EXERCISE PROMPT:
Word for word, restate every record, though not the pictures.

DATA FOR PROCESSING:
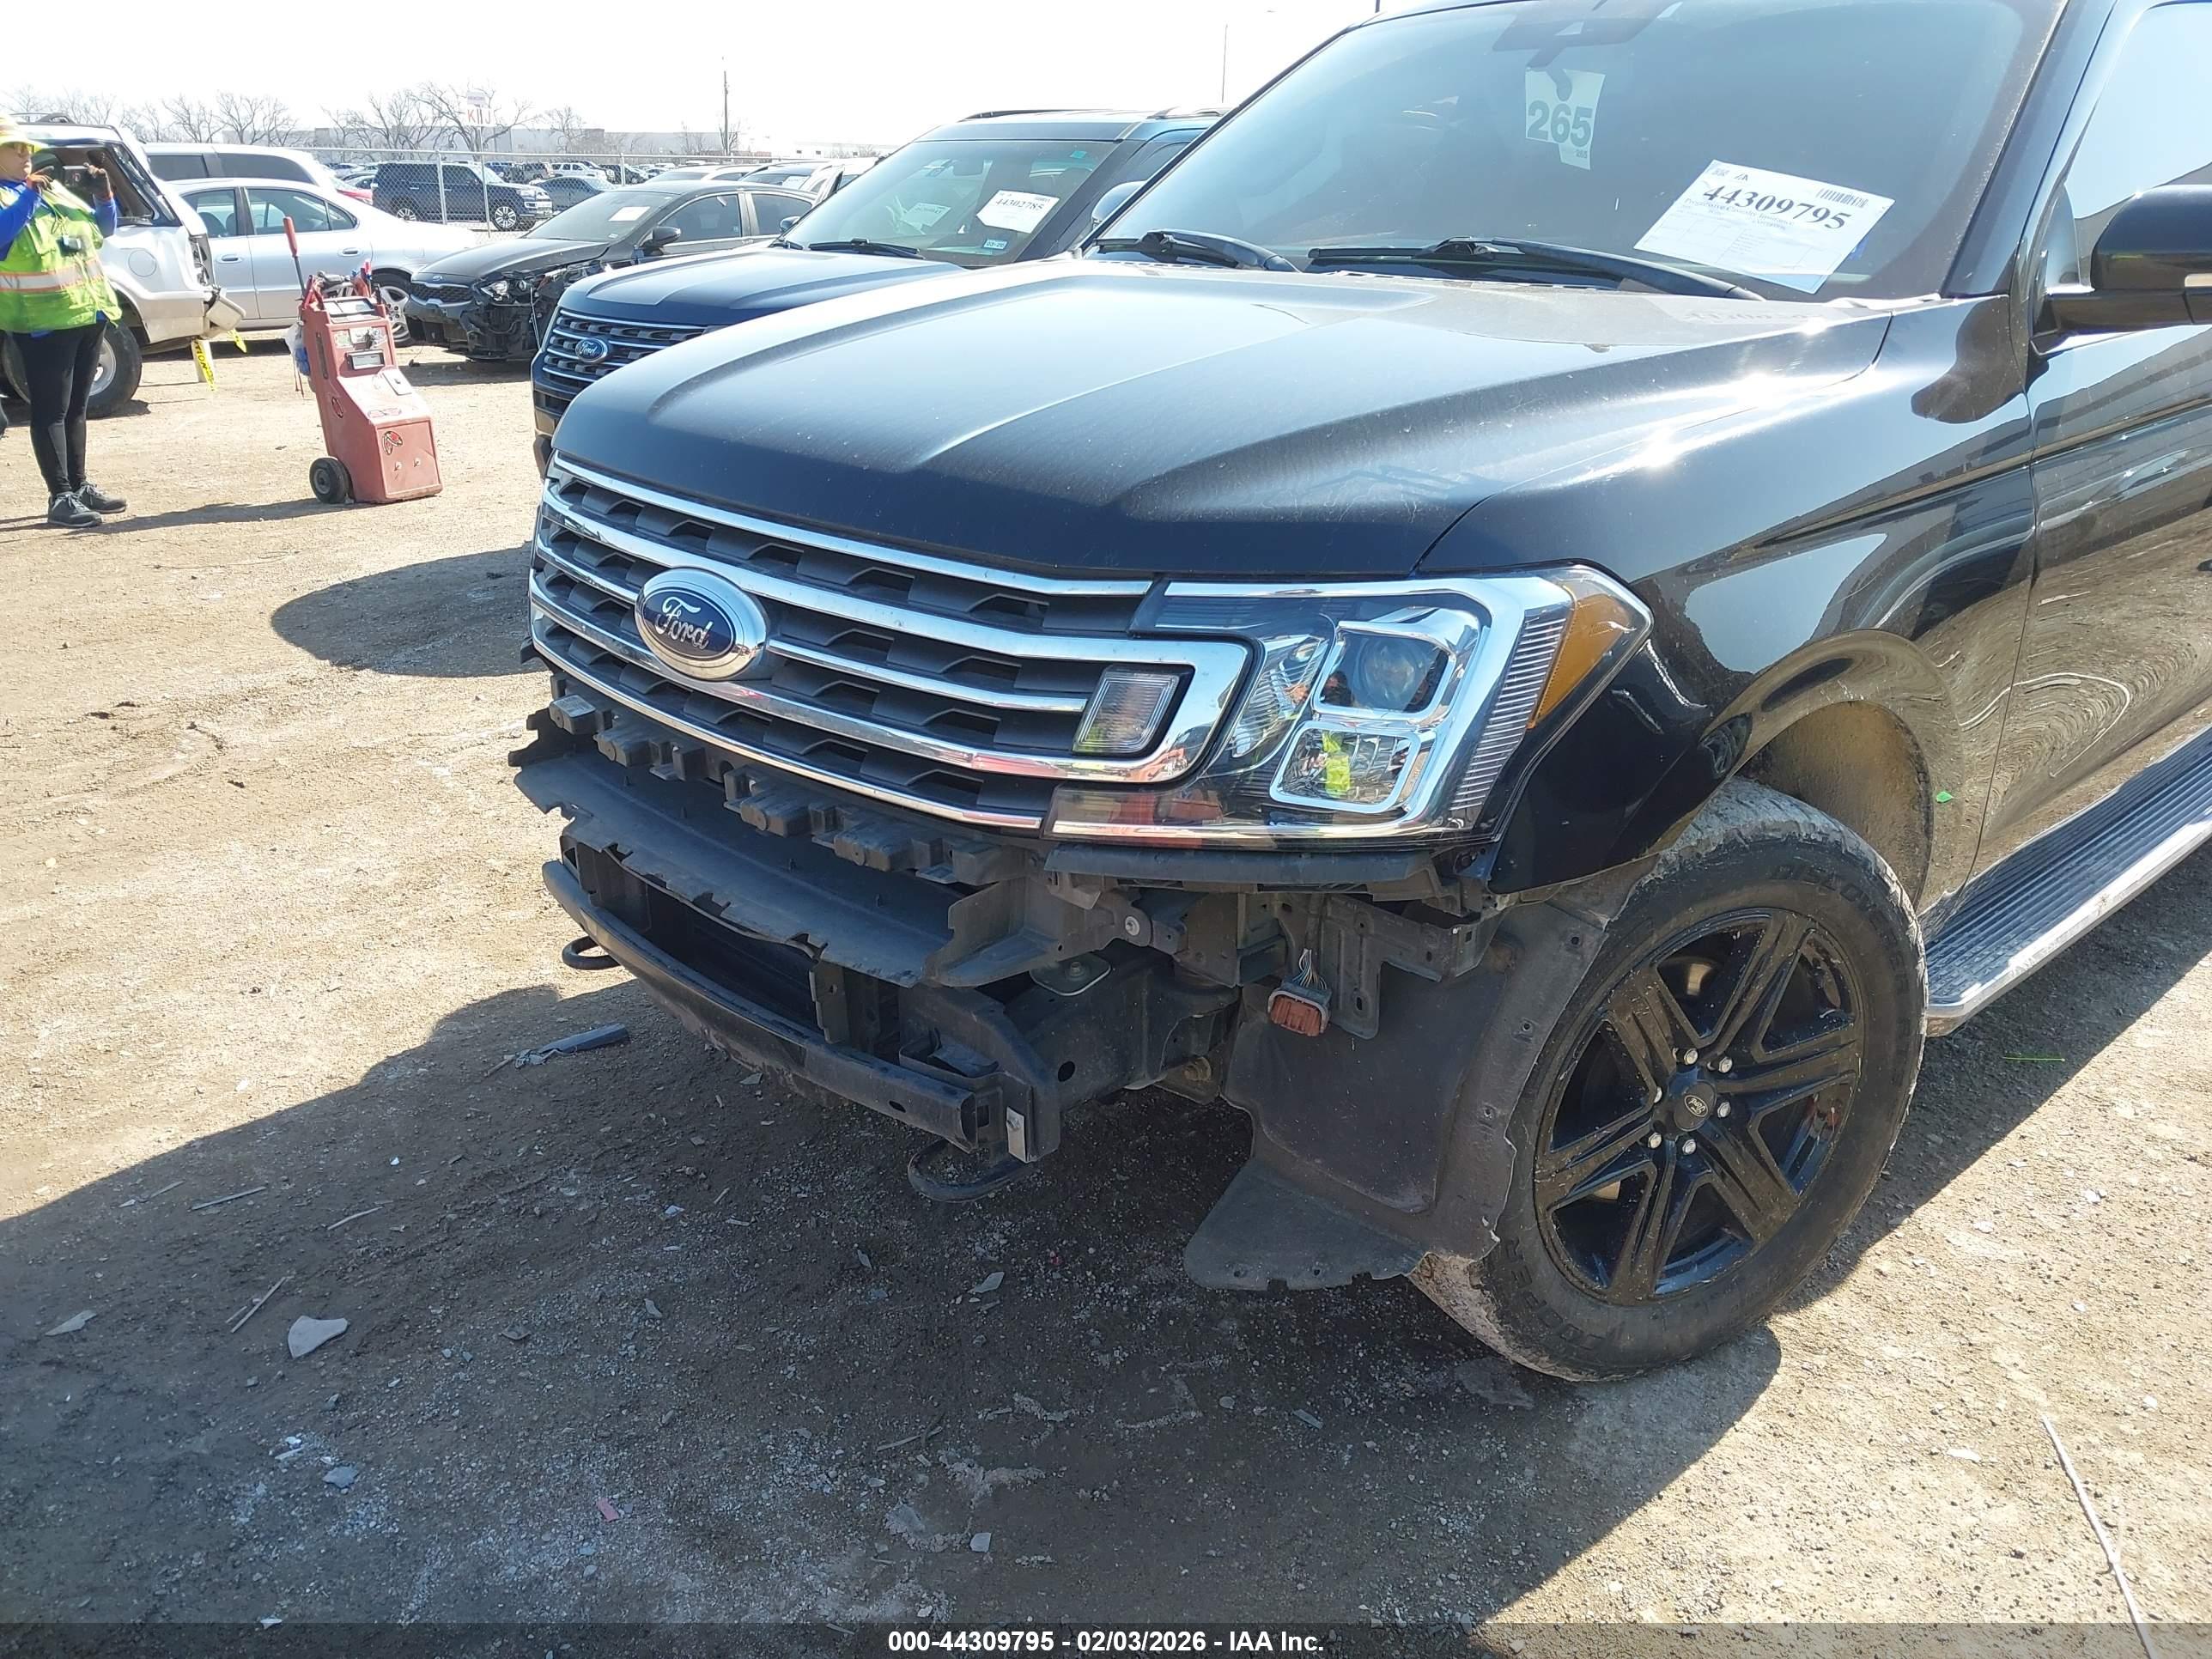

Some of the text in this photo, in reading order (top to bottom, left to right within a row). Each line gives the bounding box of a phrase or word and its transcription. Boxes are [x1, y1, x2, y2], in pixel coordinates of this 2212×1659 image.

[1528, 100, 1593, 147] 265
[1702, 185, 1852, 230] 44309795
[580, 341, 598, 355] Ford
[655, 596, 714, 650] Ford
[1688, 1097, 1706, 1115] Ford

RESULT:
Some of the text in this photo, in reading order (top to bottom, left to right within a row). Each line gives the bounding box of a phrase or word and its transcription. Boxes are [x1, y1, x2, y2], in pixel coordinates of this 2212×1659 image.

[1528, 100, 1593, 147] 265
[1702, 185, 1852, 230] 44309795
[580, 341, 598, 355] Ford
[655, 596, 714, 650] Ford
[1688, 1097, 1706, 1115] Ford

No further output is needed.